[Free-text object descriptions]
▽
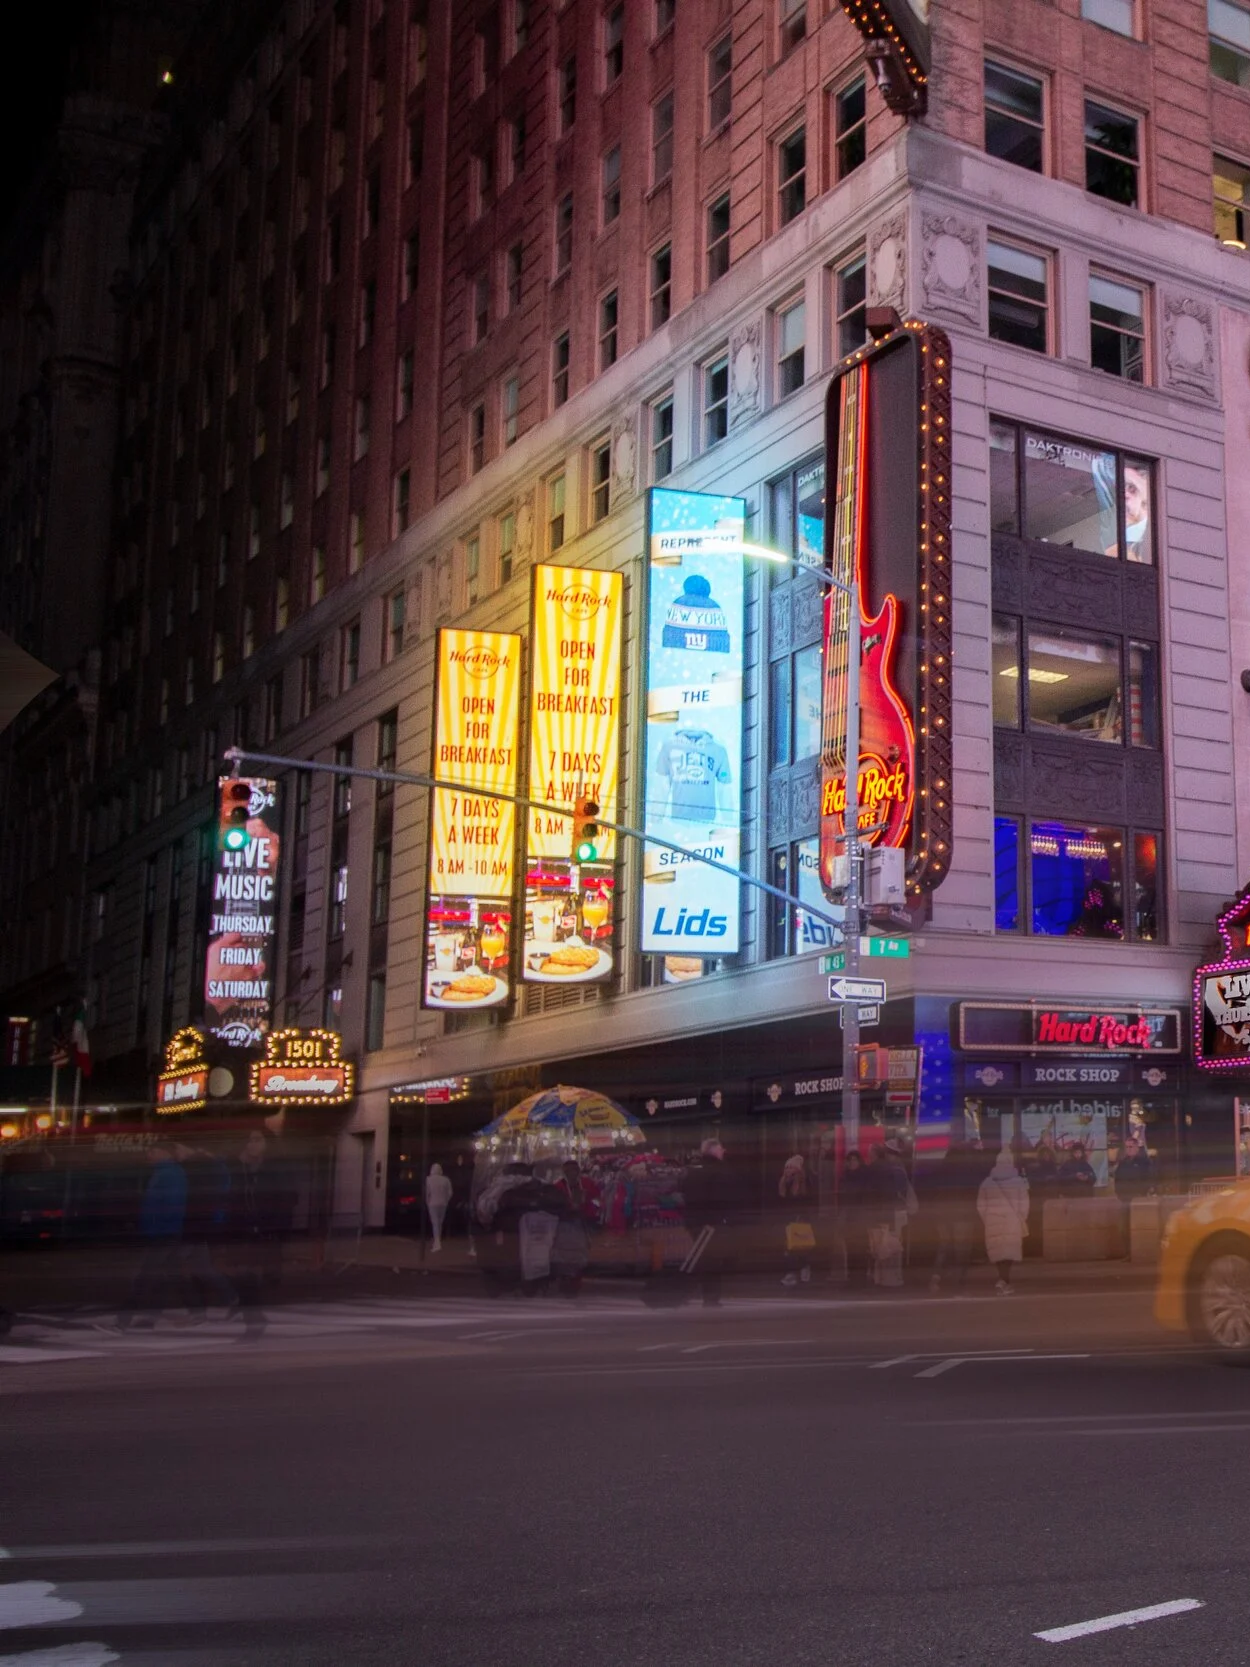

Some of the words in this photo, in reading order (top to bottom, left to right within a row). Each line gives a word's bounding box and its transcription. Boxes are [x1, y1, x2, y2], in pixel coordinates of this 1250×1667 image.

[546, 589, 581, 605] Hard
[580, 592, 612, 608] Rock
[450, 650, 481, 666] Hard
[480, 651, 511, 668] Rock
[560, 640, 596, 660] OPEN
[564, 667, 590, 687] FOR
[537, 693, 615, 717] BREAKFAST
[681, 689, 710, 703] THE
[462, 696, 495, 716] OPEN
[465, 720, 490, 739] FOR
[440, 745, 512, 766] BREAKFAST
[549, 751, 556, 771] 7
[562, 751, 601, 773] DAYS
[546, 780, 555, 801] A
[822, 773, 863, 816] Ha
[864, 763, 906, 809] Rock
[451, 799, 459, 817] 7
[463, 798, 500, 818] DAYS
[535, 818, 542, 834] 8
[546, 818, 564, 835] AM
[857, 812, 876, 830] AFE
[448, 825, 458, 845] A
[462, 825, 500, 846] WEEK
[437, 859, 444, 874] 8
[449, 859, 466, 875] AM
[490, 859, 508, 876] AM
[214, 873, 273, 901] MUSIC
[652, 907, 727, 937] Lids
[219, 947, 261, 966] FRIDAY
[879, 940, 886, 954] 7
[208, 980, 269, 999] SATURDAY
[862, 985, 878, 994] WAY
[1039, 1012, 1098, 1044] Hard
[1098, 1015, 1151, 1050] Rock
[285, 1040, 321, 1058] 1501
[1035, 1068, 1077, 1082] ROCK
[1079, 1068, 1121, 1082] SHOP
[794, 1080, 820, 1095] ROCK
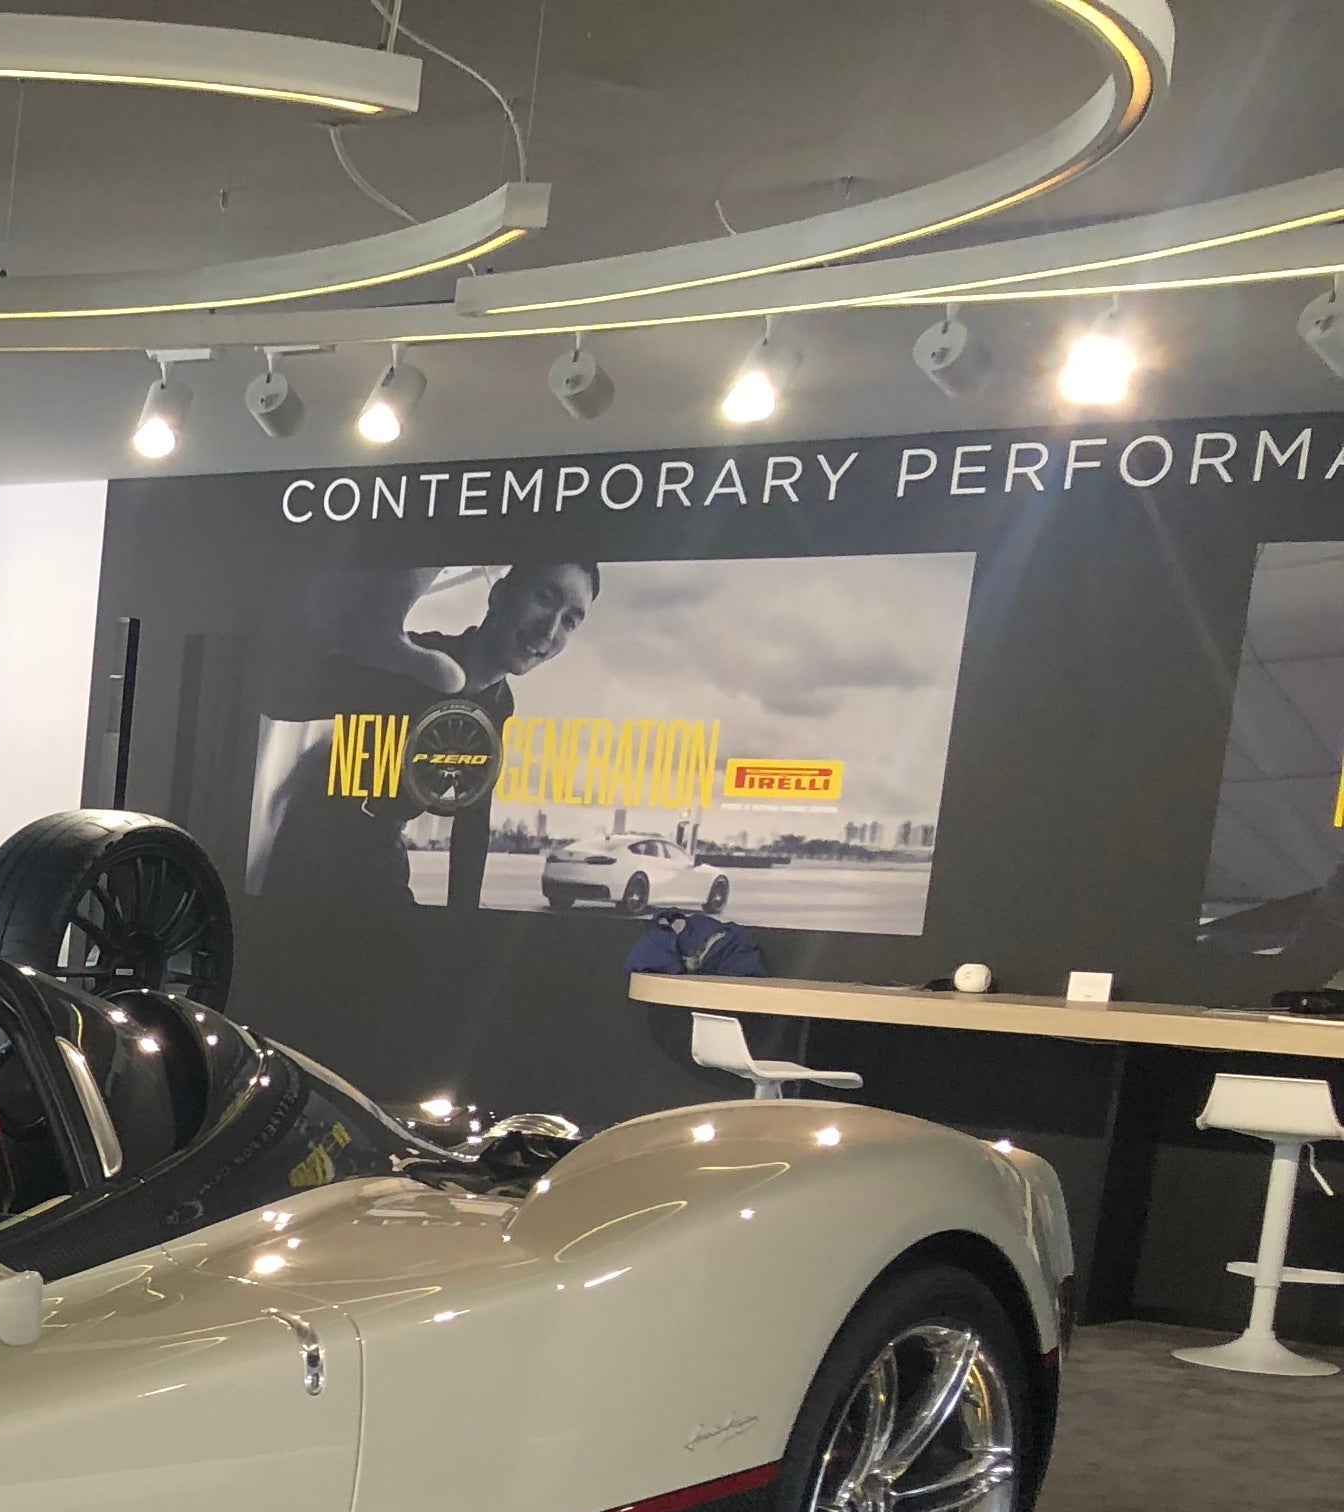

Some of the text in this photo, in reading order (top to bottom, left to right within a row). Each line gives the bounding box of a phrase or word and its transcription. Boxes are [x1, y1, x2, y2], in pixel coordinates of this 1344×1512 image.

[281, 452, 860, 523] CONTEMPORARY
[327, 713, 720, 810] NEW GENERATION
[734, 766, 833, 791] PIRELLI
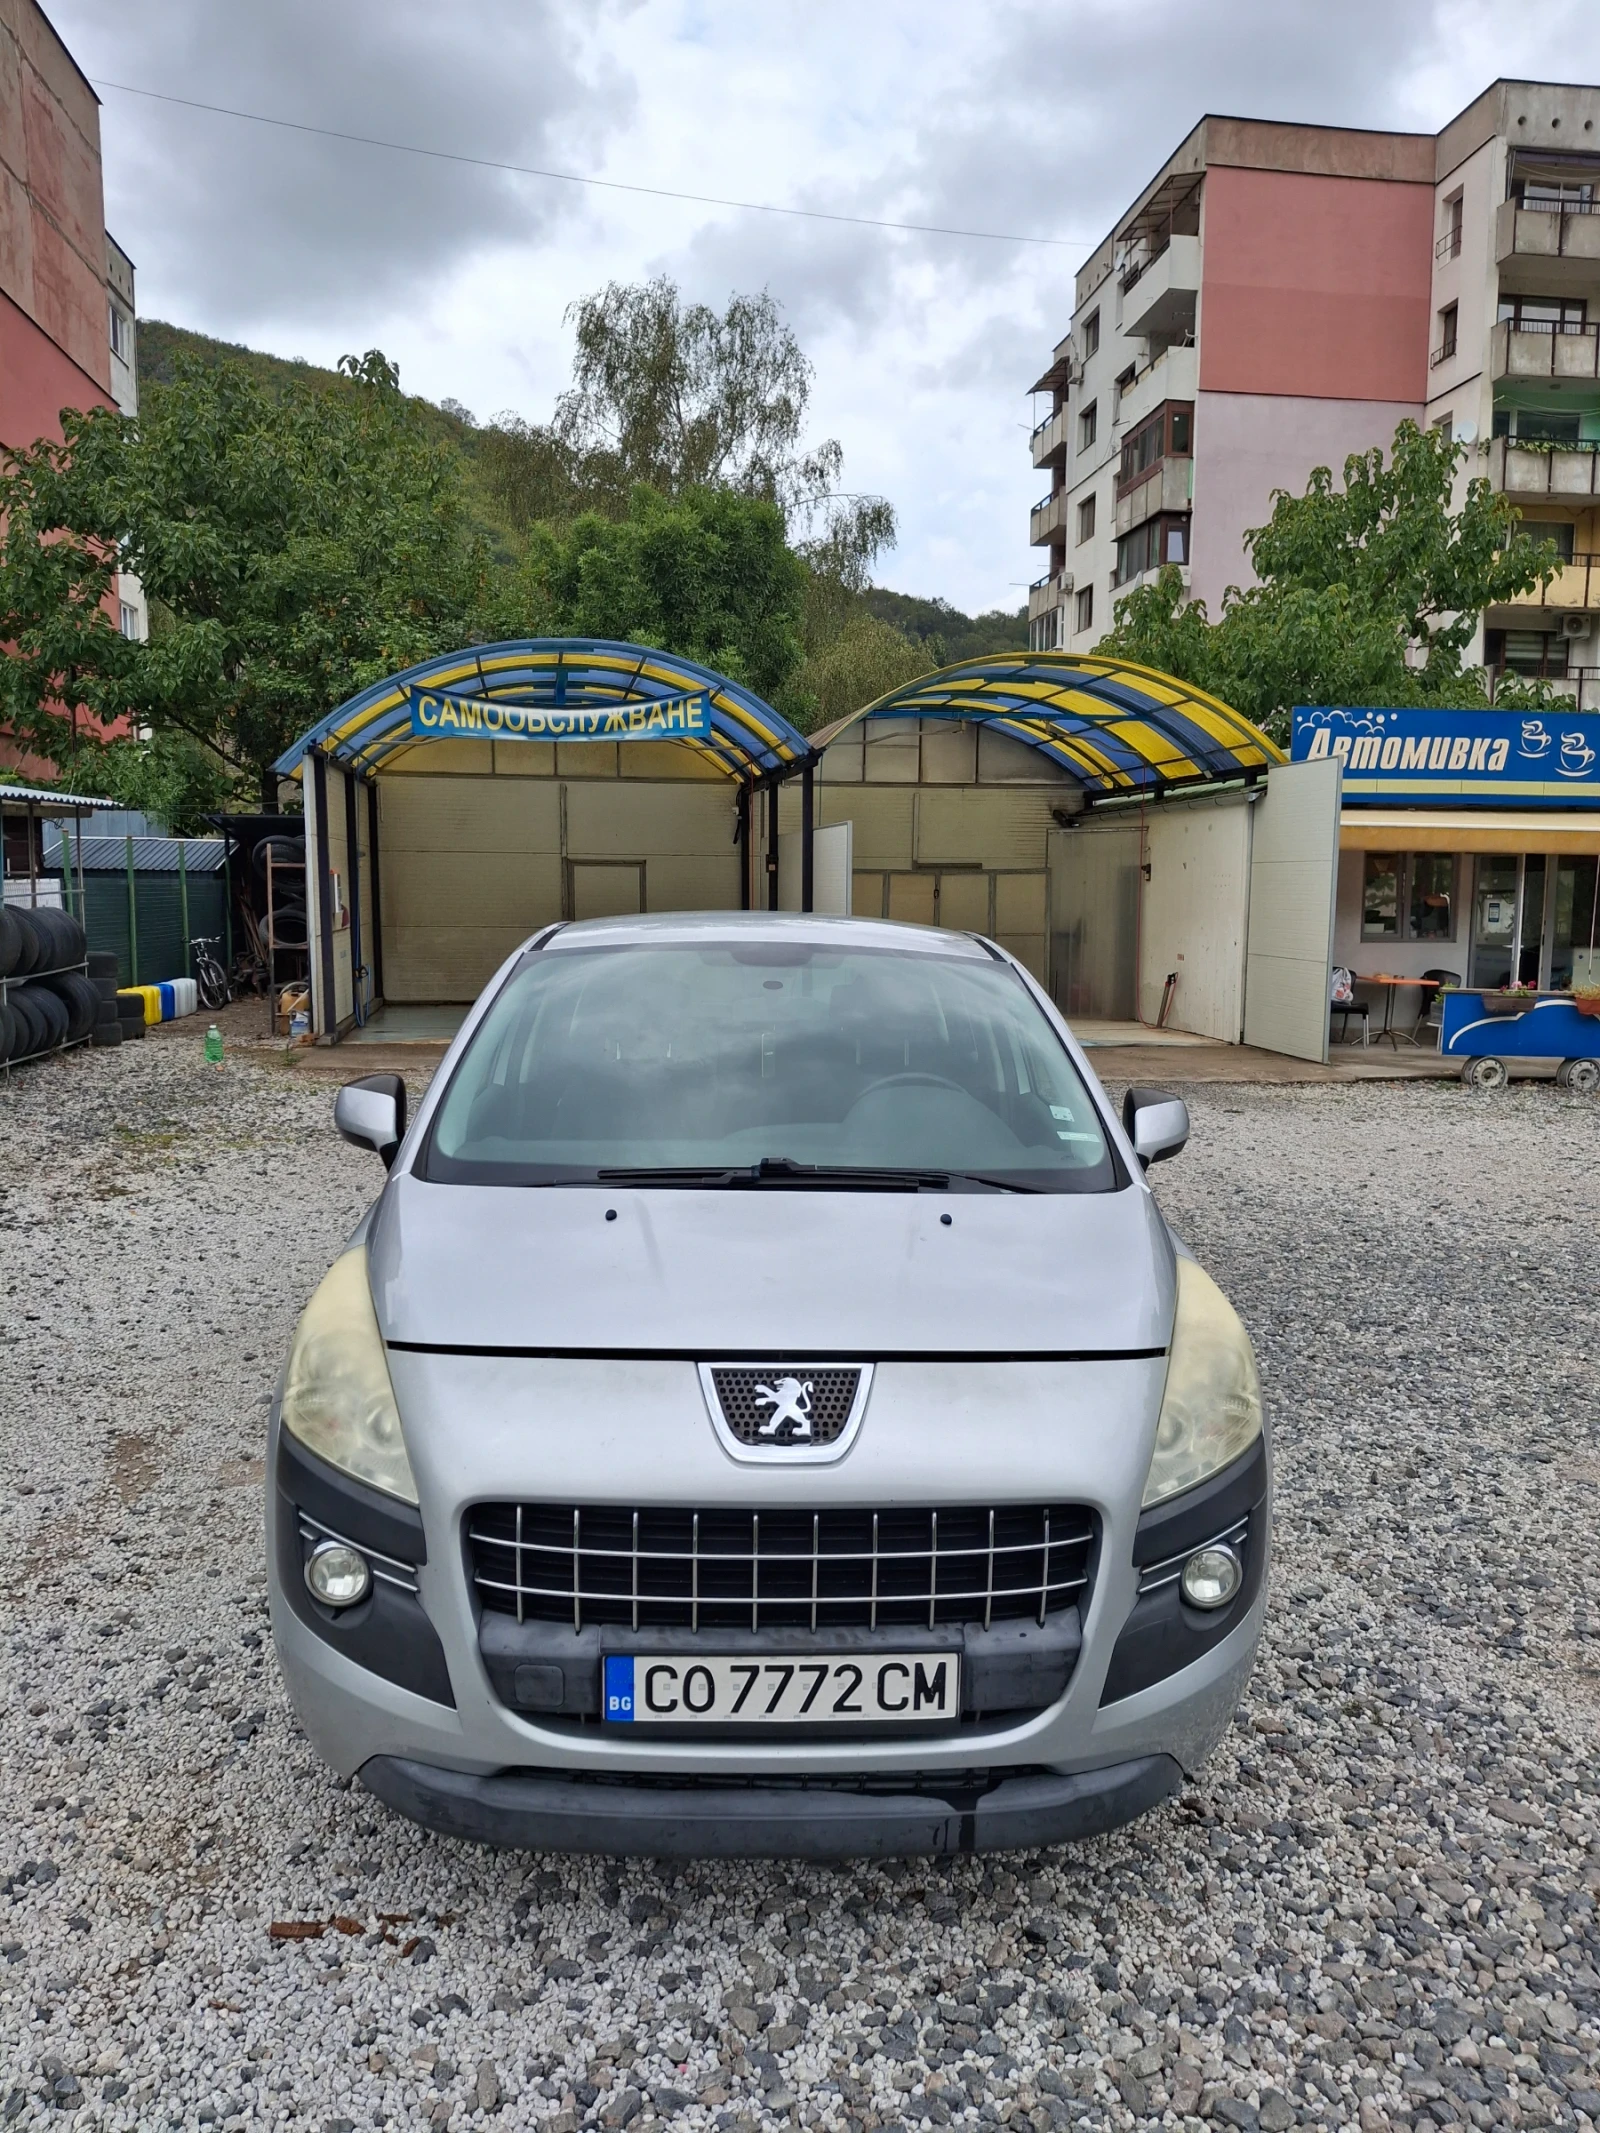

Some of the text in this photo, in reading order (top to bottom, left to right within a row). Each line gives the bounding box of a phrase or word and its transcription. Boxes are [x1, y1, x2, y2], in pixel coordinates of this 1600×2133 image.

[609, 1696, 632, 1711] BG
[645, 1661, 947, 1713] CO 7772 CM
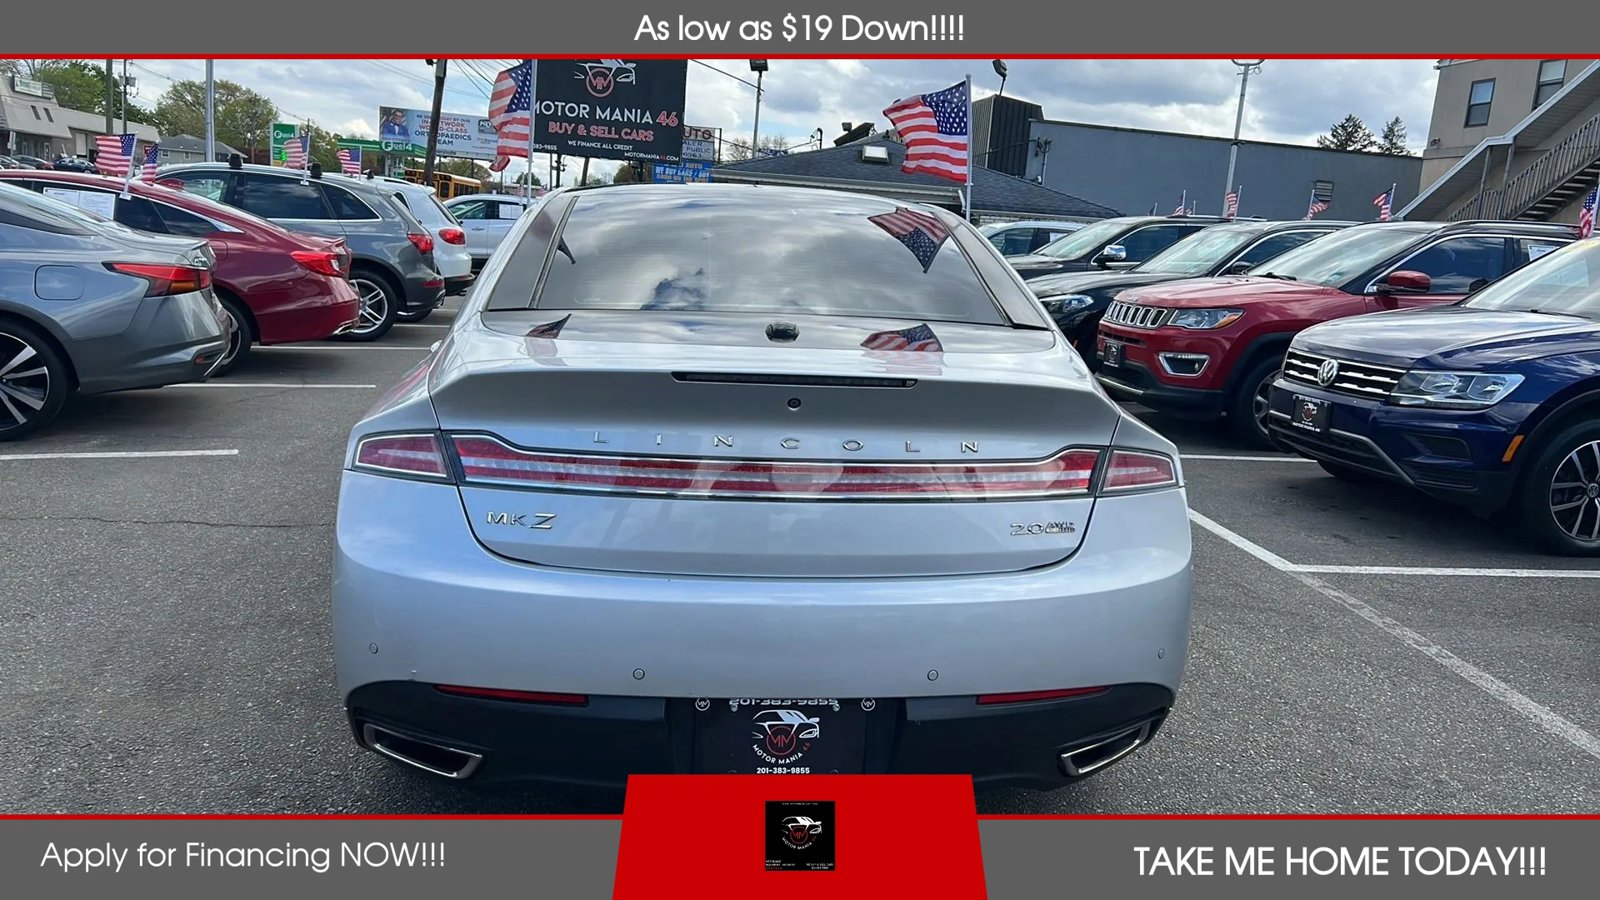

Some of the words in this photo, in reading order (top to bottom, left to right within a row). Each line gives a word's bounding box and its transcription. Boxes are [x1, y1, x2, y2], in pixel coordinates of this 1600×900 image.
△
▶ _Exercise goal_: Reproduce the entries above without change, omitting all pictures.

▶ _Exercise solution_:
Some of the words in this photo, in reading order (top to bottom, left to right within a row). Each line gives a word's bounding box and its transcription. Boxes are [x1, y1, x2, y2], in pixel coordinates of this 1250×1667 image.

[546, 589, 581, 605] Hard
[580, 592, 612, 608] Rock
[450, 650, 481, 666] Hard
[480, 651, 511, 668] Rock
[560, 640, 596, 660] OPEN
[564, 667, 590, 687] FOR
[537, 693, 615, 717] BREAKFAST
[681, 689, 710, 703] THE
[462, 696, 495, 716] OPEN
[465, 720, 490, 739] FOR
[440, 745, 512, 766] BREAKFAST
[549, 751, 556, 771] 7
[562, 751, 601, 773] DAYS
[546, 780, 555, 801] A
[822, 773, 863, 816] Ha
[864, 763, 906, 809] Rock
[451, 799, 459, 817] 7
[463, 798, 500, 818] DAYS
[535, 818, 542, 834] 8
[546, 818, 564, 835] AM
[857, 812, 876, 830] AFE
[448, 825, 458, 845] A
[462, 825, 500, 846] WEEK
[437, 859, 444, 874] 8
[449, 859, 466, 875] AM
[490, 859, 508, 876] AM
[214, 873, 273, 901] MUSIC
[652, 907, 727, 937] Lids
[219, 947, 261, 966] FRIDAY
[879, 940, 886, 954] 7
[208, 980, 269, 999] SATURDAY
[862, 985, 878, 994] WAY
[1039, 1012, 1098, 1044] Hard
[1098, 1015, 1151, 1050] Rock
[285, 1040, 321, 1058] 1501
[1035, 1068, 1077, 1082] ROCK
[1079, 1068, 1121, 1082] SHOP
[794, 1080, 820, 1095] ROCK

Some of the text in this photo, in reading order (top to bottom, left to right within a row). Each line gives the bounding box of a phrase or word and its transcription. Boxes are [x1, y1, x2, y2], in pixel coordinates of this 1344×1512 image.

[281, 452, 860, 523] CONTEMPORARY
[327, 713, 720, 810] NEW GENERATION
[734, 766, 833, 791] PIRELLI

Some of the text in this photo, in reading order (top to bottom, left to right within a row). Each line gives the bounding box of a phrase or word and its transcription. Boxes are [x1, y1, x2, y2], in pixel coordinates of this 1600×2133 image.

[609, 1696, 632, 1711] BG
[645, 1661, 947, 1713] CO 7772 CM

Some of the words in this photo, in reading order (top to bottom, left to right within a row). Each line gives a word's bounding box and its transcription. Boxes are [x1, y1, x2, y2], in pixel coordinates of this 1600×900 image.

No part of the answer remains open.